ALLEMAGNE Le 23 février, les électeurs allemands se sont rendus aux urnes. 

La CDU/CSU (Parti populaire européen au Parlement européen, centre-droit) de Friedrich Merz obtient 28,5% des voix, devant l’AfD (Europe des nations souveraines, extrême-droite), qui devient pour la première fois la deuxième force politique du pays avec 21% des voix. Le SPD (Sociaux-démocrates, centre-gauche) d’Olaf Scholz dégringole, atteignant les 16,5%.

Ni le FDP (Renew Europe, libéraux), ni le BSW (gauche radicale) n’ont atteint le seuil des 5 % de voix requis pour être représenté au Bundestag. Cela permet à la CDU/CSU et au SPD d’atteindre ensemble une fine majorité, ouvrant la possibilité d’une coalition à deux partis.

Explication : le fait que certains partis n’atteignent pas les 5 % a pour effet mathématique d’augmenter le nombre de sièges par voix obtenu par les autres partis.
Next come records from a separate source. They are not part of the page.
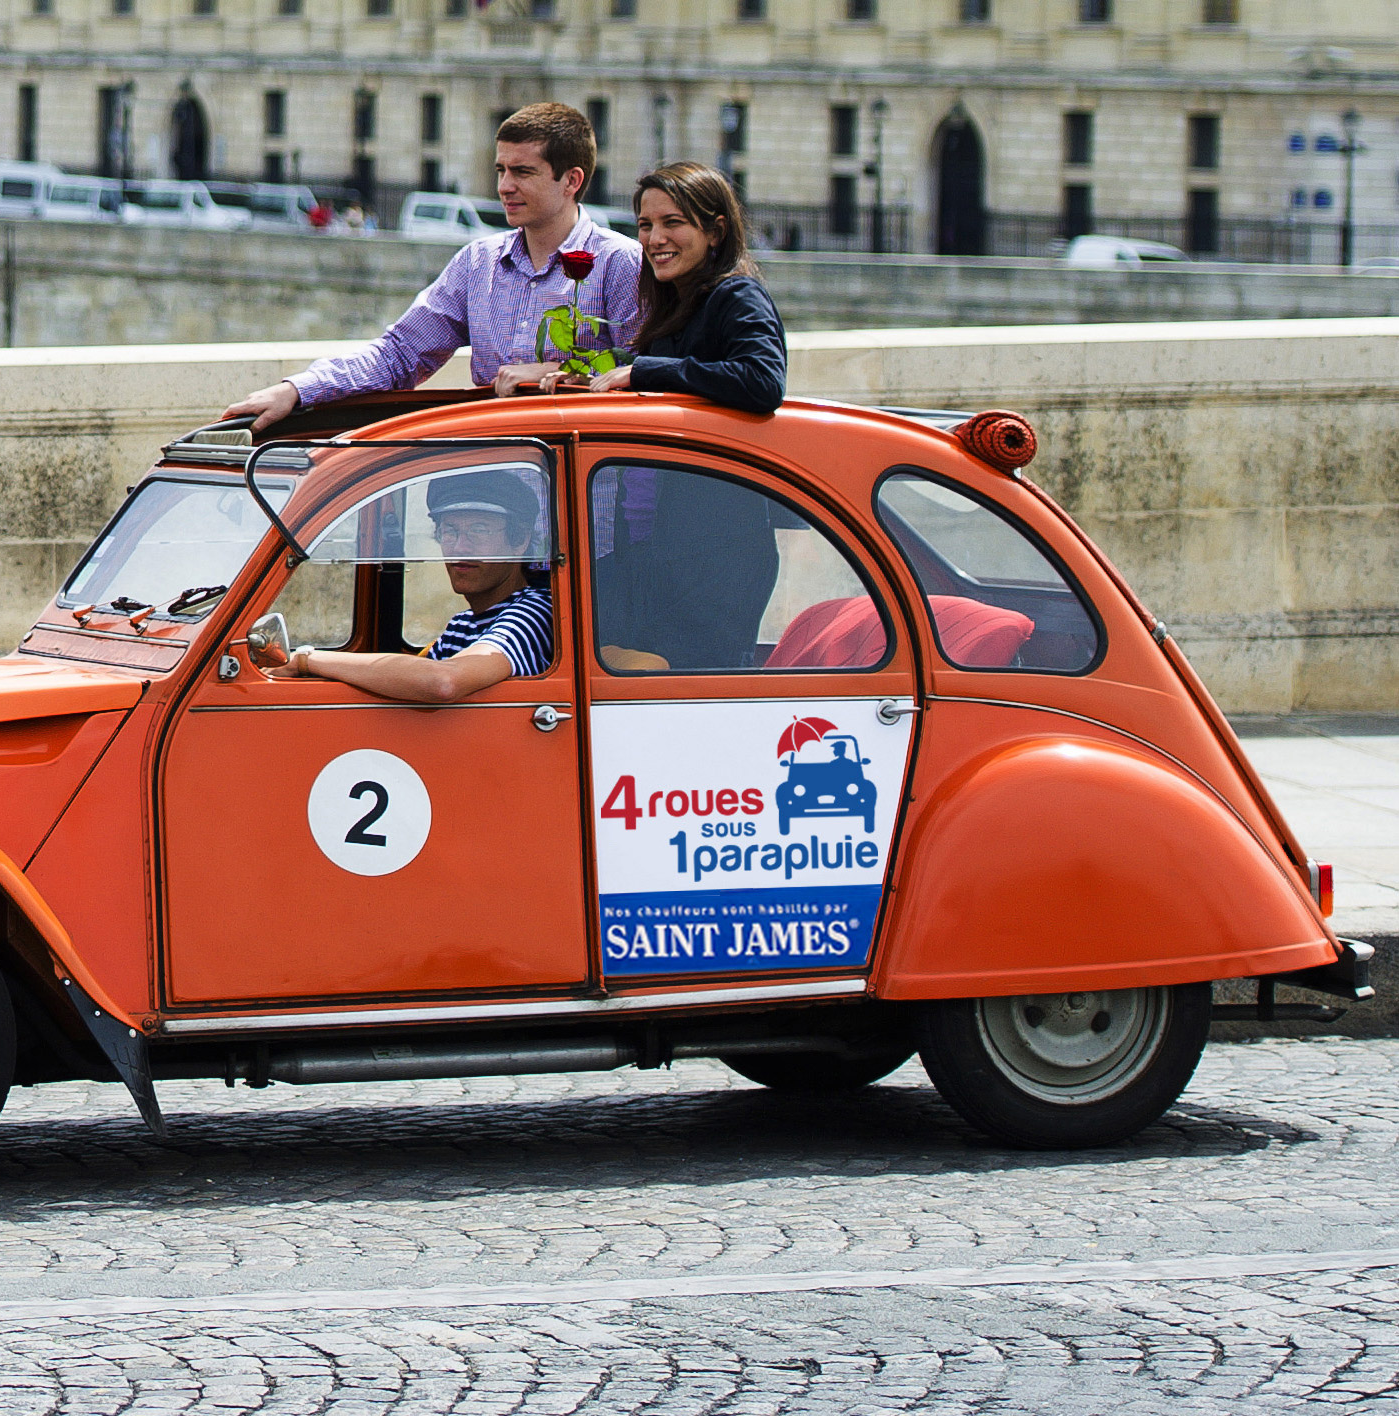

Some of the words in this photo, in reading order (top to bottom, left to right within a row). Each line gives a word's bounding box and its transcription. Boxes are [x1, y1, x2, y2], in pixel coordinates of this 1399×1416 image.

[344, 780, 389, 847] 2
[701, 821, 757, 838] sous
[604, 907, 632, 918] Nos
[636, 905, 717, 917] chauffeurs
[721, 905, 753, 916] sont
[824, 903, 849, 916] par
[606, 923, 721, 960] SAINT
Si le FDP et le BSW avaient passé le cap des 5 %, la CDU/CSU aurait eu besoin d’au moins un autre parti afin de former une coalition avec le SPD, ce que Friedrich Merz souhaitait éviter pour des raisons de stabilité gouvernementale.
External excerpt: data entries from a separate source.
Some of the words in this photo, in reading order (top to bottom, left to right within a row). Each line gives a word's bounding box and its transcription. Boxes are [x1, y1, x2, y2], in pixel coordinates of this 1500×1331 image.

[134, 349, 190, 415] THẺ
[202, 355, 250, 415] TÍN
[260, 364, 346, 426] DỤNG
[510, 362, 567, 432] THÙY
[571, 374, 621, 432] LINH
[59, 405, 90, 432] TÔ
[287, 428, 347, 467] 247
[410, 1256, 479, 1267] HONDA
Même en cas de coalition CDU/CSU-SPD, d’intenses négociations sont à venir, les deux partis ayant des vues opposées sur de nombreux sujets. Merz a déclaré viser un accord d’ici à Pâques.
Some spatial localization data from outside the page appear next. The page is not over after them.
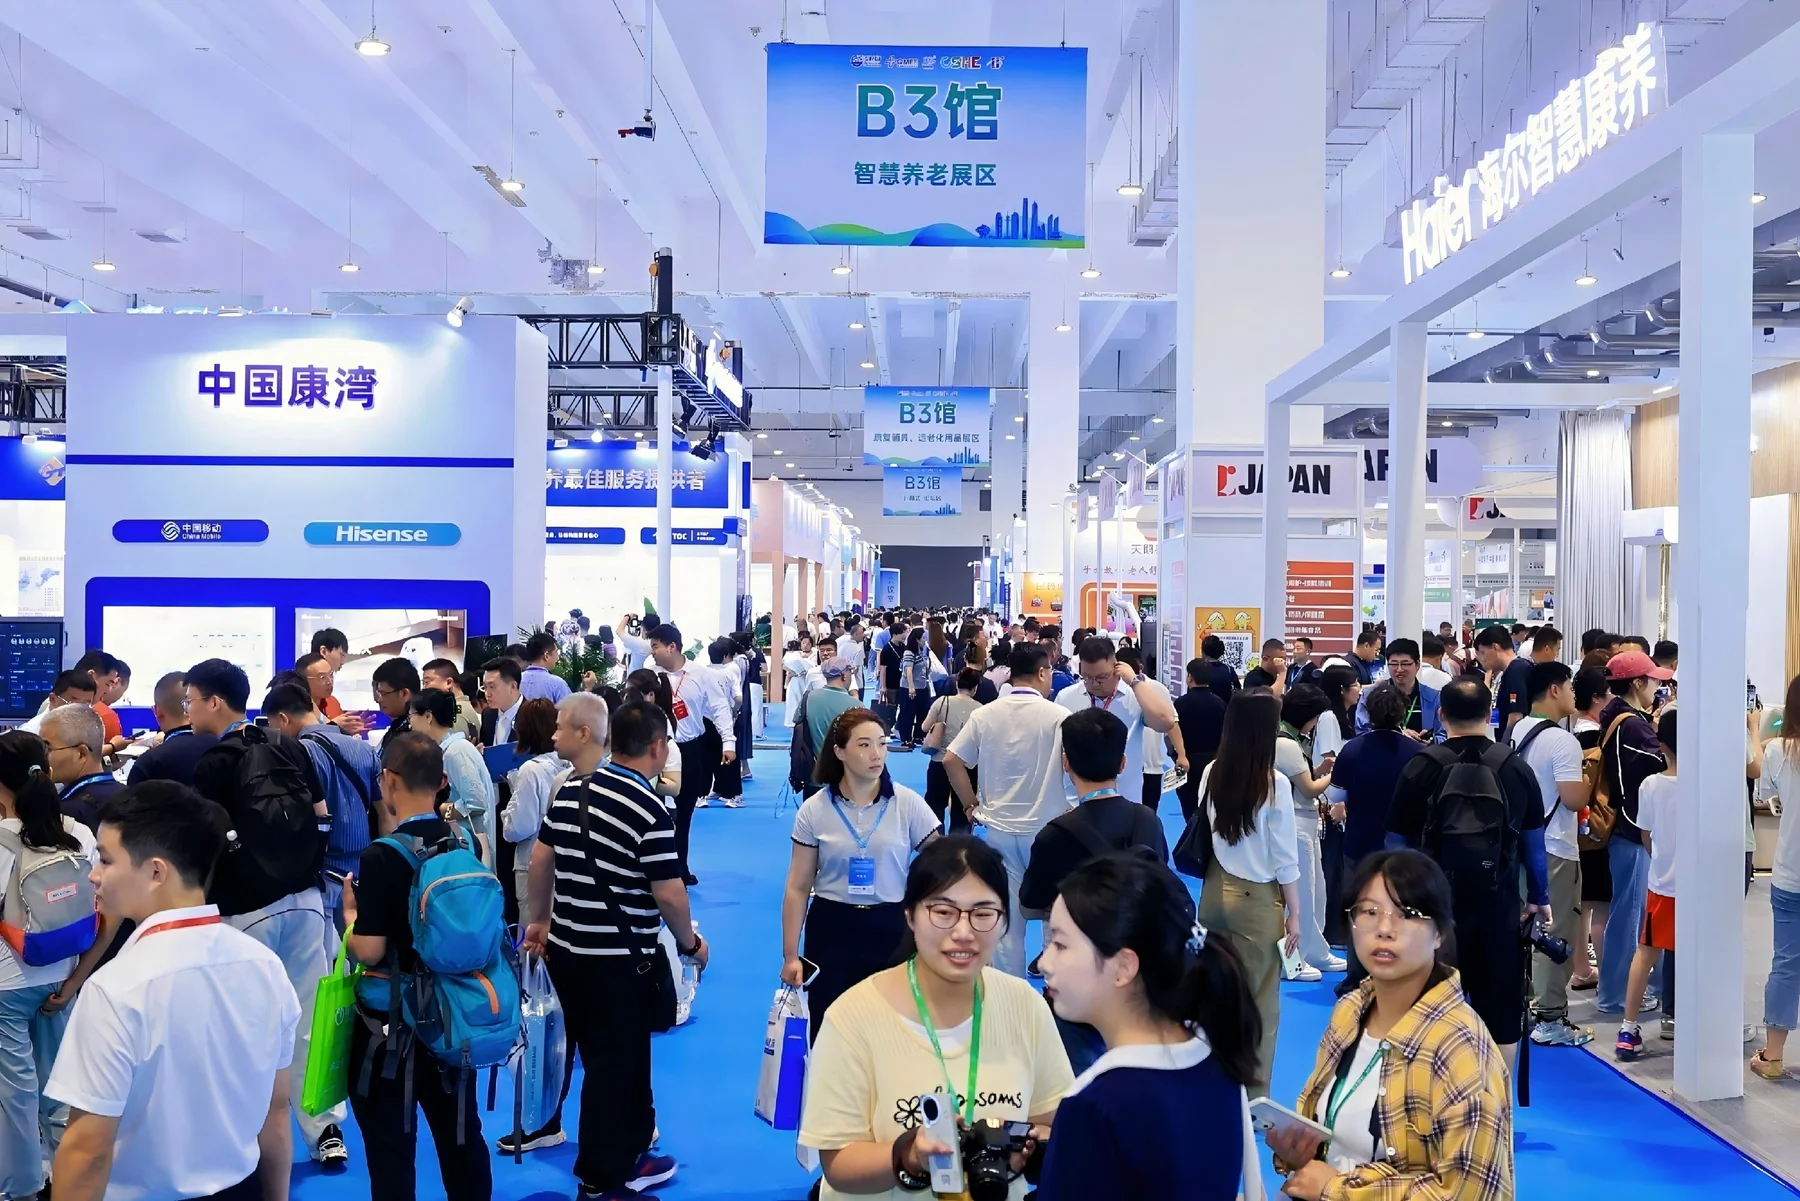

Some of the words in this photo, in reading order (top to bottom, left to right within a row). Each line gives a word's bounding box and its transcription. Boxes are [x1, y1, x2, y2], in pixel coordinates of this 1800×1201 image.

[856, 82, 1002, 141] B3馆
[1401, 168, 1478, 285] Haier
[1477, 22, 1657, 230] 海尔智慧康养
[854, 161, 998, 187] 智慧养老展区
[198, 363, 379, 410] 中国康湾
[899, 401, 957, 425] B3馆
[905, 475, 941, 490] B3馆
[1238, 463, 1331, 496] JAN
[182, 523, 222, 533] 中国移动
[336, 525, 429, 542] Hisense
Les dernières élections européennes ont renforcé le poids du Parti populaire européen (PPE) au sein du Parlement européen, un atout de taille pour le futur chancelier.

Friedrich Merz souhaite s’impliquer de manière plus active dans les affaires européennes que son prédécesseur — et sur des positions davantage alignées avec l’autonomie stratégique prônée par la France. 

Il a annoncé que l’UE devait changer d’attitude et ne pas se présenter comme un “nain” devant les Etats-Unis — il a d’ailleurs déclaré souhaiter que l’Europe développe une “indépendance” complète vis-à-vis des Etats-Unis. Il s’est également dit prêt à discuter du partage de la protection nucléaire britannique et française. 

Ursula von der Leyen et Friedrich Merz, pourtant issus du même parti, ne partagent pas toujours les mêmes positions, notamment sur la dérégulation et les enjeux écologiques. Ils ont aussi été rivaux en Allemagne, où l’une était la protégée de Merkel tandis que l’autre avait été mis à l’écart du parti par la chancelière.

En attendant l’élection du nouveau chancelier, Olaf Scholz continuera de représenter l’Allemagne au Conseil européen, mais devra s’entretenir étroitement avec les membres de la probable future coalition.

SUPER MARIO Le 18 février, Mario Draghi s'est exprimé devant le Parlement européen, presque six mois après la publication de son rapport sur la compétitivité européenne.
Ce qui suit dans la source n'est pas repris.